Un SMS jugé « menaçant »

La réponse de Sébastien Delogu aurait été beaucoup plus sèche. Selon le médecin, le député lui aurait écrit : « S’il te plaît, reste à la place… C’est la dernière fois que je te le dis », lui demandant de ne plus jamais évoquer la politique avec lui. Un ton perçu comme agressif et intimidant par Saïd Ouichou, qui a choisi de déposer une main courante au commissariat. « Le ton était agressif et presque menaçant », a-t-il expliqué au quotidien, insistant sur la gravité de la formulation.
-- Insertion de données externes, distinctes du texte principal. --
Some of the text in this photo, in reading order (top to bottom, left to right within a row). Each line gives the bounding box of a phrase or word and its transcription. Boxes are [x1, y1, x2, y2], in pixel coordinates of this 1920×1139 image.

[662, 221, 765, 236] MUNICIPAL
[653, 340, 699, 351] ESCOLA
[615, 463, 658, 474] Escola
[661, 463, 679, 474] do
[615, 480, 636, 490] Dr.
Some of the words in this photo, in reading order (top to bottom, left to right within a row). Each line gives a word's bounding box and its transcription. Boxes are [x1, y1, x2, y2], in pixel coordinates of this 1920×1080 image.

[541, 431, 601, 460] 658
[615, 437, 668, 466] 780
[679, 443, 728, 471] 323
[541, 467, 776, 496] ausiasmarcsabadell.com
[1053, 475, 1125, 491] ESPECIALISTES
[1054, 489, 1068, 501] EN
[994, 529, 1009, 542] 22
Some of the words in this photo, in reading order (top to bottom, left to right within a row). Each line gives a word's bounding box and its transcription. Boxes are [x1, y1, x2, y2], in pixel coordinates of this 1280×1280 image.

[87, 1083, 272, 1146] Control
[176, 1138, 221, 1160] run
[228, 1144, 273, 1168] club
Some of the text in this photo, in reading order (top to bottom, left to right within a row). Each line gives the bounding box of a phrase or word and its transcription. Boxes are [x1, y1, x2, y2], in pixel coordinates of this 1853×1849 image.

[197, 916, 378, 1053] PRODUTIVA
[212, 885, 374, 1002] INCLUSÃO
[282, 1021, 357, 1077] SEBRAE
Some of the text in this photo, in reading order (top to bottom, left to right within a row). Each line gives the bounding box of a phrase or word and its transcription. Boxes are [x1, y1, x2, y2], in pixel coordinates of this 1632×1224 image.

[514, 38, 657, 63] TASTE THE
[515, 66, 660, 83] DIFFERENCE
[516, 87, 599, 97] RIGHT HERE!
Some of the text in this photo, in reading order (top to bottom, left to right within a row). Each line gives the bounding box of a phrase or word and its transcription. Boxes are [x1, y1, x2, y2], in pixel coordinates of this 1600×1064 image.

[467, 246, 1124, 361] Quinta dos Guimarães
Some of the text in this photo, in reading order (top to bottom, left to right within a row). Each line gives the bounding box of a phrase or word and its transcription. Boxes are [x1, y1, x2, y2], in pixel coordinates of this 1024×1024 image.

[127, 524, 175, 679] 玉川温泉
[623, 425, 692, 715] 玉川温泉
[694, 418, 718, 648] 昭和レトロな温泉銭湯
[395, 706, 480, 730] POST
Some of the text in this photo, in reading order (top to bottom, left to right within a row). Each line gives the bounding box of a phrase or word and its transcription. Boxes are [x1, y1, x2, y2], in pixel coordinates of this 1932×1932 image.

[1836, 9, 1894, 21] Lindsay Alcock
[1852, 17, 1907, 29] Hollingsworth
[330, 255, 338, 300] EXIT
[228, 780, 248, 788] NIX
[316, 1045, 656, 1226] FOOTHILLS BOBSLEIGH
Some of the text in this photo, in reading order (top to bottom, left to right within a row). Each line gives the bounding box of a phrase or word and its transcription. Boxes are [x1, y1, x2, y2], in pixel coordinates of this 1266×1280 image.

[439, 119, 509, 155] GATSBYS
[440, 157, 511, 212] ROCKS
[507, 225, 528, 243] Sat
L’entourage du député monte au créneau
Du côté de Sébastien Delogu, l’entourage minimise l’incident. Ses proches affirment qu’aucune insulte ni menace explicite ne figure dans l’échange, soulignant qu’aucune plainte n’a pu être déposée, preuve selon eux de la faiblesse du dossier. Ils accusent par ailleurs Saïd Ouichou de chercher à « salir » l’image de l’élu marseillais en instrumentalisant un simple différend de campagne.